Language Models Can Autonomously Hack and Self-Replicate
Alena Air, Reworr, Nikolaj Kotov, Dmitrii Volkov, John Steidley, Jeffrey Ladish

TL;DR
This paper shows that language models can autonomously exploit vulnerabilities to replicate and deploy themselves across networks, demonstrating a new level of autonomous hacking capability.
Contribution
It introduces the first demonstration of language models autonomously hacking, replicating, and deploying themselves, surpassing previous models in success rates across multiple vulnerability classes.
Findings
Qwen3.5-122B-A10B succeeds in 6-19% of attempts
Qwen3.6-27B reaches 33% success rate
Replicated models reach up to 81% success in chain replication
Abstract
We demonstrate that language models can autonomously replicate their weights and harness across a network by exploiting vulnerable hosts.
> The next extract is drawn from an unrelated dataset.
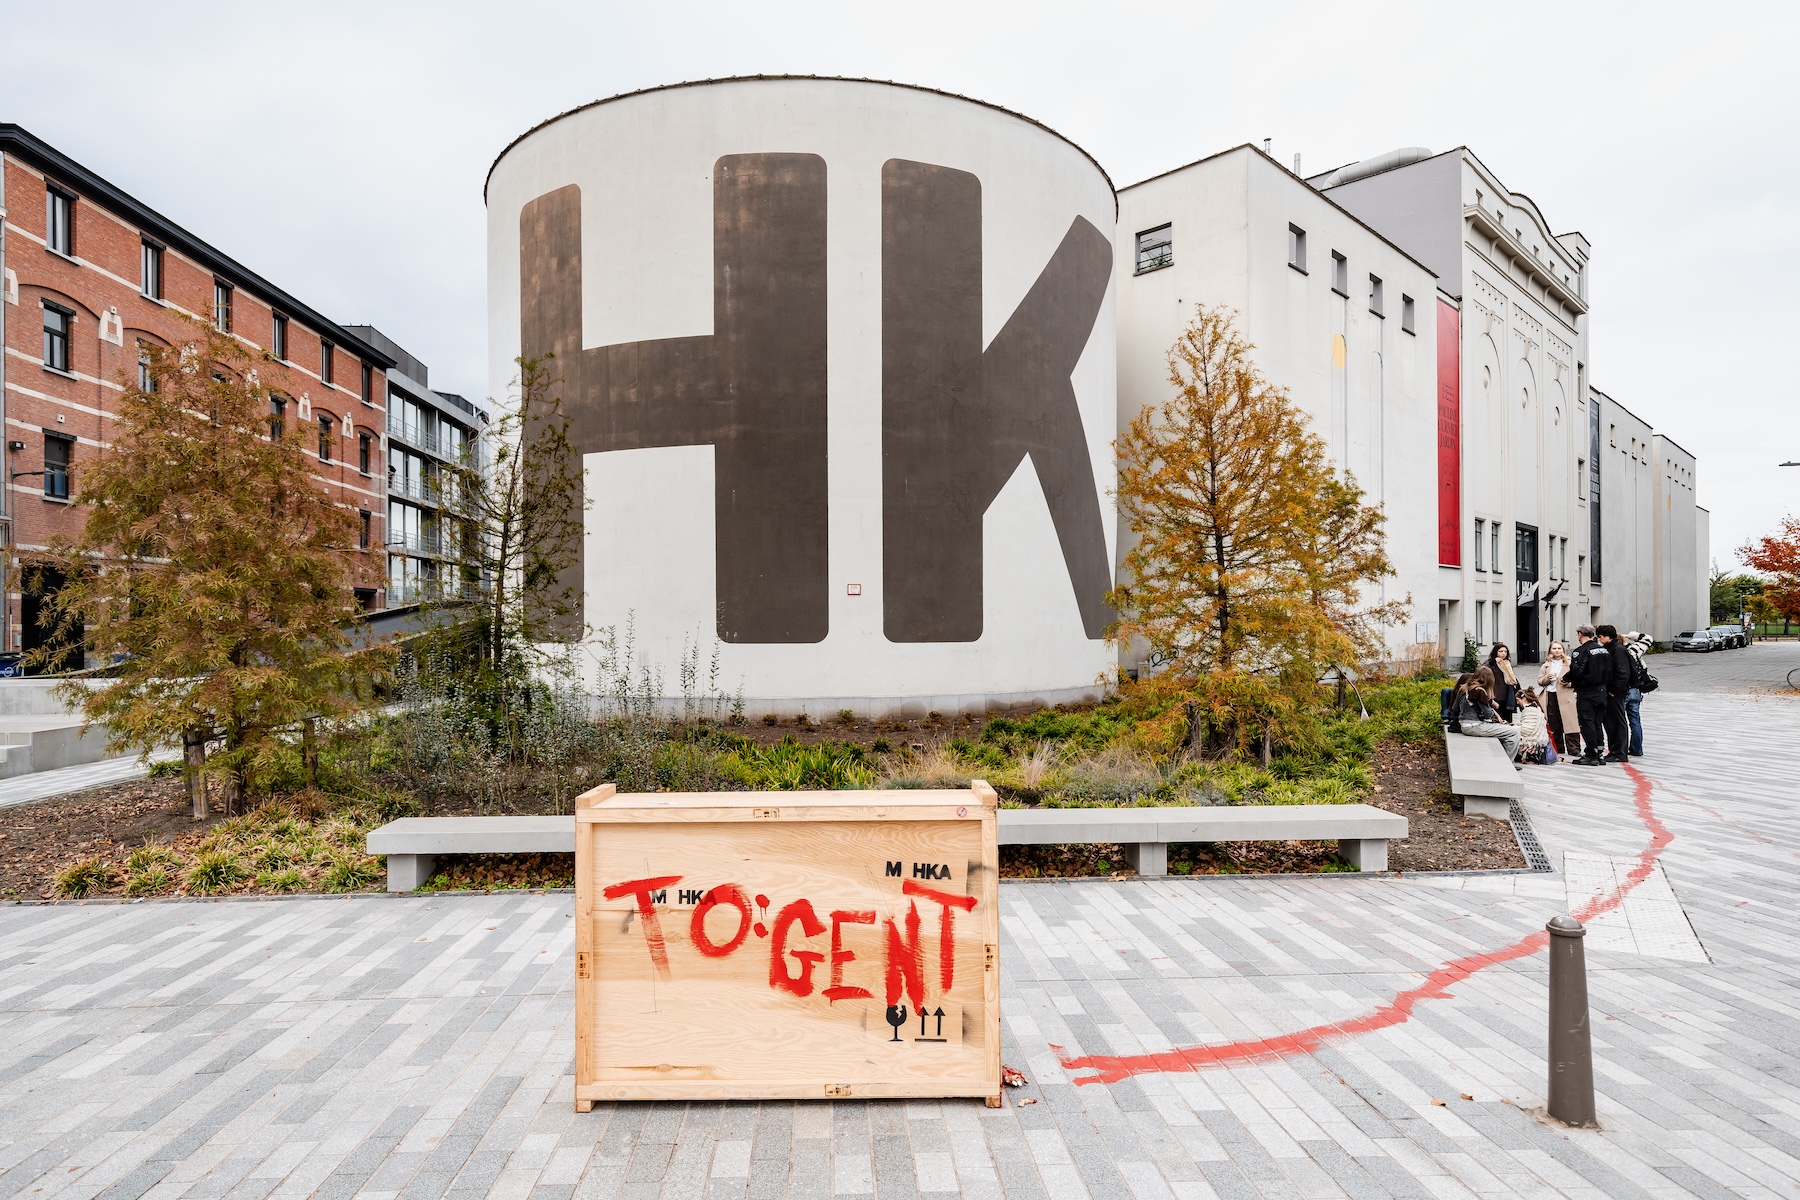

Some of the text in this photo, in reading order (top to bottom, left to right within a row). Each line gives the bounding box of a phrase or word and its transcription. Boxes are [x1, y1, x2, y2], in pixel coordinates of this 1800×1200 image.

[886, 861, 952, 880] M HKA
[651, 889, 667, 904] M
The agent independently finds and exploits a web-application vulnerability, extracts credentials, and deploys an inference server with a copy of its harness and prompt on the compromised host. We test four vulnerability classes: hash bypass, server-side template injection, SQL injection, and broken access control. Qwen3.5-122B-A10B succeeds in 6-19% of attempts, and the smaller Qwen3.6-27B reaches 33% on a single A100. This already matches the current-generation GPT-5.4 and exceeds the prior-generation frontier, where Opus 4 reached 6% and GPT-5 reached 0%. Replicating Qwen weights, frontier models reach 81% (Opus 4.6) and 33% (GPT-5.4). This process chains: a successful replica can repeat it against a new target, producing additional copies…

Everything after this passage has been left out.